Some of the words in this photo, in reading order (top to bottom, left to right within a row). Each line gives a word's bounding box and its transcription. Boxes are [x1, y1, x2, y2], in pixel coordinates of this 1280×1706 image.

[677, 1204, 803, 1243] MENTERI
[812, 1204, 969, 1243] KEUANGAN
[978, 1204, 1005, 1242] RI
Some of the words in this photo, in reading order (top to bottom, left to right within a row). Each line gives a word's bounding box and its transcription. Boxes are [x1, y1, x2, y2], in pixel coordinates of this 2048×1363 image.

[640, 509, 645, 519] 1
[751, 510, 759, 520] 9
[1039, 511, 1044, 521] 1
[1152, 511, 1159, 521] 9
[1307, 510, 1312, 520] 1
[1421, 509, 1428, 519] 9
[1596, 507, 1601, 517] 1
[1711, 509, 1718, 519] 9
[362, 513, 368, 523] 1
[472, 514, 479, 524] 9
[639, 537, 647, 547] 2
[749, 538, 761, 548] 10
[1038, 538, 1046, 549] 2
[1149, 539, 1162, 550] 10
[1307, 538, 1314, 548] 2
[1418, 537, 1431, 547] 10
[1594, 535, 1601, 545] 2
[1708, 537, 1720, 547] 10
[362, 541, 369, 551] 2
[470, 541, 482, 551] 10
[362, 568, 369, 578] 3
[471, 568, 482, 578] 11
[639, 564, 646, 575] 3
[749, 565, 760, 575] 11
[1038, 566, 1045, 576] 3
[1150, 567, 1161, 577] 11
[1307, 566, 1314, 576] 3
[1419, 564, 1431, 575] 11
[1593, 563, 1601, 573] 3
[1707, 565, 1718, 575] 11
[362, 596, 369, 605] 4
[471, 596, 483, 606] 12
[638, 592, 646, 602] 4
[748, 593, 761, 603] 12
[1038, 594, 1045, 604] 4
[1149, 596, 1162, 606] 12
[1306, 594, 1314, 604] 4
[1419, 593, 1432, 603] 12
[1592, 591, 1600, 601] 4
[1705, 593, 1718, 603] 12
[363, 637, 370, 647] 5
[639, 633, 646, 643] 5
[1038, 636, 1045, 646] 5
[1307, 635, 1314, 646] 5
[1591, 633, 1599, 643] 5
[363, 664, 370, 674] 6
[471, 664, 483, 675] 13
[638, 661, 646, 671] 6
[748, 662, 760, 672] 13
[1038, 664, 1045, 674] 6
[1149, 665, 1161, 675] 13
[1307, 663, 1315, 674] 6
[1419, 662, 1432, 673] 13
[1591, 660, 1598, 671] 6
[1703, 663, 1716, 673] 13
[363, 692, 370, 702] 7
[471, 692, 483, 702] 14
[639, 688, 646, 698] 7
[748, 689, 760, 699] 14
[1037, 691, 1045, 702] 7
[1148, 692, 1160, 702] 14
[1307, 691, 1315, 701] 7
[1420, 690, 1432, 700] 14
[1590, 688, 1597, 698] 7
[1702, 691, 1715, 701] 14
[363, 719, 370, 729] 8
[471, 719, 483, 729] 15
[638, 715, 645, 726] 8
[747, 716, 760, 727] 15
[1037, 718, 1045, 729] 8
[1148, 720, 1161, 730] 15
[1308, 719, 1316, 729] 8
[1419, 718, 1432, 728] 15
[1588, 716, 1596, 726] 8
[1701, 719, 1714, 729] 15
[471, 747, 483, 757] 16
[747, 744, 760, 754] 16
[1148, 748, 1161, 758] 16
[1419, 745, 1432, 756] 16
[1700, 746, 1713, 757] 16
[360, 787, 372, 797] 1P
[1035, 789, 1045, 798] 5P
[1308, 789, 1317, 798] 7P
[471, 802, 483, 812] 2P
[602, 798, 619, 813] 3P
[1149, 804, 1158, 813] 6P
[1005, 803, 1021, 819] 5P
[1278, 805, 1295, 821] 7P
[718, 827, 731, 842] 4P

◆ ◆ ◆ ◆ ◆

Task prompt:
Output every line of the listing word for word.

Answer area:
Some of the words in this photo, in reading order (top to bottom, left to right within a row). Each line gives a word's bounding box and its transcription. Boxes are [x1, y1, x2, y2], in pixel coordinates of this 1280×1706 image.

[677, 1204, 803, 1243] MENTERI
[812, 1204, 969, 1243] KEUANGAN
[978, 1204, 1005, 1242] RI
Some of the words in this photo, in reading order (top to bottom, left to right within a row). Each line gives a word's bounding box and its transcription. Boxes are [x1, y1, x2, y2], in pixel coordinates of this 2048×1363 image.

[640, 509, 645, 519] 1
[751, 510, 759, 520] 9
[1039, 511, 1044, 521] 1
[1152, 511, 1159, 521] 9
[1307, 510, 1312, 520] 1
[1421, 509, 1428, 519] 9
[1596, 507, 1601, 517] 1
[1711, 509, 1718, 519] 9
[362, 513, 368, 523] 1
[472, 514, 479, 524] 9
[639, 537, 647, 547] 2
[749, 538, 761, 548] 10
[1038, 538, 1046, 549] 2
[1149, 539, 1162, 550] 10
[1307, 538, 1314, 548] 2
[1418, 537, 1431, 547] 10
[1594, 535, 1601, 545] 2
[1708, 537, 1720, 547] 10
[362, 541, 369, 551] 2
[470, 541, 482, 551] 10
[362, 568, 369, 578] 3
[471, 568, 482, 578] 11
[639, 564, 646, 575] 3
[749, 565, 760, 575] 11
[1038, 566, 1045, 576] 3
[1150, 567, 1161, 577] 11
[1307, 566, 1314, 576] 3
[1419, 564, 1431, 575] 11
[1593, 563, 1601, 573] 3
[1707, 565, 1718, 575] 11
[362, 596, 369, 605] 4
[471, 596, 483, 606] 12
[638, 592, 646, 602] 4
[748, 593, 761, 603] 12
[1038, 594, 1045, 604] 4
[1149, 596, 1162, 606] 12
[1306, 594, 1314, 604] 4
[1419, 593, 1432, 603] 12
[1592, 591, 1600, 601] 4
[1705, 593, 1718, 603] 12
[363, 637, 370, 647] 5
[639, 633, 646, 643] 5
[1038, 636, 1045, 646] 5
[1307, 635, 1314, 646] 5
[1591, 633, 1599, 643] 5
[363, 664, 370, 674] 6
[471, 664, 483, 675] 13
[638, 661, 646, 671] 6
[748, 662, 760, 672] 13
[1038, 664, 1045, 674] 6
[1149, 665, 1161, 675] 13
[1307, 663, 1315, 674] 6
[1419, 662, 1432, 673] 13
[1591, 660, 1598, 671] 6
[1703, 663, 1716, 673] 13
[363, 692, 370, 702] 7
[471, 692, 483, 702] 14
[639, 688, 646, 698] 7
[748, 689, 760, 699] 14
[1037, 691, 1045, 702] 7
[1148, 692, 1160, 702] 14
[1307, 691, 1315, 701] 7
[1420, 690, 1432, 700] 14
[1590, 688, 1597, 698] 7
[1702, 691, 1715, 701] 14
[363, 719, 370, 729] 8
[471, 719, 483, 729] 15
[638, 715, 645, 726] 8
[747, 716, 760, 727] 15
[1037, 718, 1045, 729] 8
[1148, 720, 1161, 730] 15
[1308, 719, 1316, 729] 8
[1419, 718, 1432, 728] 15
[1588, 716, 1596, 726] 8
[1701, 719, 1714, 729] 15
[471, 747, 483, 757] 16
[747, 744, 760, 754] 16
[1148, 748, 1161, 758] 16
[1419, 745, 1432, 756] 16
[1700, 746, 1713, 757] 16
[360, 787, 372, 797] 1P
[1035, 789, 1045, 798] 5P
[1308, 789, 1317, 798] 7P
[471, 802, 483, 812] 2P
[602, 798, 619, 813] 3P
[1149, 804, 1158, 813] 6P
[1005, 803, 1021, 819] 5P
[1278, 805, 1295, 821] 7P
[718, 827, 731, 842] 4P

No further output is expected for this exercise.